Action item
An identical reprint of the entire listing below is expected.

Record extracts
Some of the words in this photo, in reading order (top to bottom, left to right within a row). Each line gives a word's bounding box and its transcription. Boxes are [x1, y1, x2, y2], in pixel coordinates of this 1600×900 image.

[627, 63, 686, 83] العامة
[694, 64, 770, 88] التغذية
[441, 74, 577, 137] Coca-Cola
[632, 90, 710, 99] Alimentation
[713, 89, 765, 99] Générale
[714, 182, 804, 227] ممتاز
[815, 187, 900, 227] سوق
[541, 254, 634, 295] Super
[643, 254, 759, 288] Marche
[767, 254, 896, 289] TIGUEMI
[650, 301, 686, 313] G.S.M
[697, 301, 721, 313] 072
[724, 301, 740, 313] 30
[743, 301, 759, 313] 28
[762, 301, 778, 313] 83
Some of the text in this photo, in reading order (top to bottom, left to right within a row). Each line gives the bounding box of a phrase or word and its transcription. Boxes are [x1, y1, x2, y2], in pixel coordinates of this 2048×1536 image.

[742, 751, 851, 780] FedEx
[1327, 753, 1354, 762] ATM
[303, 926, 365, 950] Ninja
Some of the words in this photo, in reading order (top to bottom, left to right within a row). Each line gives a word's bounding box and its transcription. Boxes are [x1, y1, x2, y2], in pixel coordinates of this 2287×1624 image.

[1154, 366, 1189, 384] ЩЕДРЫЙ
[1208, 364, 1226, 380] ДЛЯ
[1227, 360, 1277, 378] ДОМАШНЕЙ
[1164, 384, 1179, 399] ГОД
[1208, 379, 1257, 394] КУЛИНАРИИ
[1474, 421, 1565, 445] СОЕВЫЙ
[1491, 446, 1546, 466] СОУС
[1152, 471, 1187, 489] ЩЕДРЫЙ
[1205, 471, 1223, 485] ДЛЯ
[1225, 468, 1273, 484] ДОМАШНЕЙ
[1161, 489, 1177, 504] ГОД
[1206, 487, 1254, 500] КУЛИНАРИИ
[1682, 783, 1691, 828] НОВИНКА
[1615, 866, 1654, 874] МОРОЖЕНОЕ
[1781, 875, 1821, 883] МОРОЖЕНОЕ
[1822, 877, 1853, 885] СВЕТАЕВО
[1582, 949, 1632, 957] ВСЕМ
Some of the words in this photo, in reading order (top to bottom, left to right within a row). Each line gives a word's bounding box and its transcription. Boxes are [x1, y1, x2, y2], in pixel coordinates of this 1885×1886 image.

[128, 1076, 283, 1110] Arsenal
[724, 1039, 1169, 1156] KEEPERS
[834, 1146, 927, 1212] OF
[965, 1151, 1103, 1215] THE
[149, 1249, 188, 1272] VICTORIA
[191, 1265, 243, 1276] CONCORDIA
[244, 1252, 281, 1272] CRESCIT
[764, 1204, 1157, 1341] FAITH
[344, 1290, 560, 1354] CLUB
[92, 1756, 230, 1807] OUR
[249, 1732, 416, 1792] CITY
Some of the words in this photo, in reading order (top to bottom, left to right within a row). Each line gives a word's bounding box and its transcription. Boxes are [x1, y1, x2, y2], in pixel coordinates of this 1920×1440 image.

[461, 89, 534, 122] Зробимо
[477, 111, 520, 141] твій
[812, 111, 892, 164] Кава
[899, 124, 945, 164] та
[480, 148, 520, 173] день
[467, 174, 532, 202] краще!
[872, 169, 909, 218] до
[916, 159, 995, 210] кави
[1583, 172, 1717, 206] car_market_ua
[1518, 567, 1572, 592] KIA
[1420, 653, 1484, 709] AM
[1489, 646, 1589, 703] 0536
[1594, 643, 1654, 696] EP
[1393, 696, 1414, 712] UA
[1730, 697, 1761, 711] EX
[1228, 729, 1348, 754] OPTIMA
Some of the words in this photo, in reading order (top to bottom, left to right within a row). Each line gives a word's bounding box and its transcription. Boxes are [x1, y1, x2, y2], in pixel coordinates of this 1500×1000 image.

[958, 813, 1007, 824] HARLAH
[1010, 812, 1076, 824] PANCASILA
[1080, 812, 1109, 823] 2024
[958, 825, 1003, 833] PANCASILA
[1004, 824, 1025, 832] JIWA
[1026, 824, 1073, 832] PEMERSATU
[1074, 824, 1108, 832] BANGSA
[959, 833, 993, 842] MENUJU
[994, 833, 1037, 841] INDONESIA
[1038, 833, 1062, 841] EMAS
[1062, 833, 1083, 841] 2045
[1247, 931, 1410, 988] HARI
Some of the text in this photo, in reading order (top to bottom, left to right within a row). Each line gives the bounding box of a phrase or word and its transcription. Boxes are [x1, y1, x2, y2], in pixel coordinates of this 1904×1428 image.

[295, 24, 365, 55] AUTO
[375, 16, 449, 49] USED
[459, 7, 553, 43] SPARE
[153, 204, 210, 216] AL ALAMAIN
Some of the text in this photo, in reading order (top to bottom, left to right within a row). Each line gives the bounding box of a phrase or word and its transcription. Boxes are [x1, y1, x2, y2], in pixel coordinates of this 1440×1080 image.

Result of the exercise
Some of the words in this photo, in reading order (top to bottom, left to right within a row). Each line gives a word's bounding box and its transcription. Boxes are [x1, y1, x2, y2], in pixel coordinates of this 1600×900 image.

[627, 63, 686, 83] العامة
[694, 64, 770, 88] التغذية
[441, 74, 577, 137] Coca-Cola
[632, 90, 710, 99] Alimentation
[713, 89, 765, 99] Générale
[714, 182, 804, 227] ممتاز
[815, 187, 900, 227] سوق
[541, 254, 634, 295] Super
[643, 254, 759, 288] Marche
[767, 254, 896, 289] TIGUEMI
[650, 301, 686, 313] G.S.M
[697, 301, 721, 313] 072
[724, 301, 740, 313] 30
[743, 301, 759, 313] 28
[762, 301, 778, 313] 83
Some of the text in this photo, in reading order (top to bottom, left to right within a row). Each line gives the bounding box of a phrase or word and its transcription. Boxes are [x1, y1, x2, y2], in pixel coordinates of this 2048×1536 image.

[742, 751, 851, 780] FedEx
[1327, 753, 1354, 762] ATM
[303, 926, 365, 950] Ninja
Some of the words in this photo, in reading order (top to bottom, left to right within a row). Each line gives a word's bounding box and its transcription. Boxes are [x1, y1, x2, y2], in pixel coordinates of this 2287×1624 image.

[1154, 366, 1189, 384] ЩЕДРЫЙ
[1208, 364, 1226, 380] ДЛЯ
[1227, 360, 1277, 378] ДОМАШНЕЙ
[1164, 384, 1179, 399] ГОД
[1208, 379, 1257, 394] КУЛИНАРИИ
[1474, 421, 1565, 445] СОЕВЫЙ
[1491, 446, 1546, 466] СОУС
[1152, 471, 1187, 489] ЩЕДРЫЙ
[1205, 471, 1223, 485] ДЛЯ
[1225, 468, 1273, 484] ДОМАШНЕЙ
[1161, 489, 1177, 504] ГОД
[1206, 487, 1254, 500] КУЛИНАРИИ
[1682, 783, 1691, 828] НОВИНКА
[1615, 866, 1654, 874] МОРОЖЕНОЕ
[1781, 875, 1821, 883] МОРОЖЕНОЕ
[1822, 877, 1853, 885] СВЕТАЕВО
[1582, 949, 1632, 957] ВСЕМ
Some of the words in this photo, in reading order (top to bottom, left to right within a row). Each line gives a word's bounding box and its transcription. Boxes are [x1, y1, x2, y2], in pixel coordinates of this 1885×1886 image.

[128, 1076, 283, 1110] Arsenal
[724, 1039, 1169, 1156] KEEPERS
[834, 1146, 927, 1212] OF
[965, 1151, 1103, 1215] THE
[149, 1249, 188, 1272] VICTORIA
[191, 1265, 243, 1276] CONCORDIA
[244, 1252, 281, 1272] CRESCIT
[764, 1204, 1157, 1341] FAITH
[344, 1290, 560, 1354] CLUB
[92, 1756, 230, 1807] OUR
[249, 1732, 416, 1792] CITY
Some of the words in this photo, in reading order (top to bottom, left to right within a row). Each line gives a word's bounding box and its transcription. Boxes are [x1, y1, x2, y2], in pixel coordinates of this 1920×1440 image.

[461, 89, 534, 122] Зробимо
[477, 111, 520, 141] твій
[812, 111, 892, 164] Кава
[899, 124, 945, 164] та
[480, 148, 520, 173] день
[467, 174, 532, 202] краще!
[872, 169, 909, 218] до
[916, 159, 995, 210] кави
[1583, 172, 1717, 206] car_market_ua
[1518, 567, 1572, 592] KIA
[1420, 653, 1484, 709] AM
[1489, 646, 1589, 703] 0536
[1594, 643, 1654, 696] EP
[1393, 696, 1414, 712] UA
[1730, 697, 1761, 711] EX
[1228, 729, 1348, 754] OPTIMA
Some of the words in this photo, in reading order (top to bottom, left to right within a row). Each line gives a word's bounding box and its transcription. Boxes are [x1, y1, x2, y2], in pixel coordinates of this 1500×1000 image.

[958, 813, 1007, 824] HARLAH
[1010, 812, 1076, 824] PANCASILA
[1080, 812, 1109, 823] 2024
[958, 825, 1003, 833] PANCASILA
[1004, 824, 1025, 832] JIWA
[1026, 824, 1073, 832] PEMERSATU
[1074, 824, 1108, 832] BANGSA
[959, 833, 993, 842] MENUJU
[994, 833, 1037, 841] INDONESIA
[1038, 833, 1062, 841] EMAS
[1062, 833, 1083, 841] 2045
[1247, 931, 1410, 988] HARI
Some of the text in this photo, in reading order (top to bottom, left to right within a row). Each line gives the bounding box of a phrase or word and its transcription. Boxes are [x1, y1, x2, y2], in pixel coordinates of this 1904×1428 image.

[295, 24, 365, 55] AUTO
[375, 16, 449, 49] USED
[459, 7, 553, 43] SPARE
[153, 204, 210, 216] AL ALAMAIN
Some of the text in this photo, in reading order (top to bottom, left to right within a row). Each line gives the bounding box of a phrase or word and its transcription. Boxes are [x1, y1, x2, y2], in pixel coordinates of this 1440×1080 image.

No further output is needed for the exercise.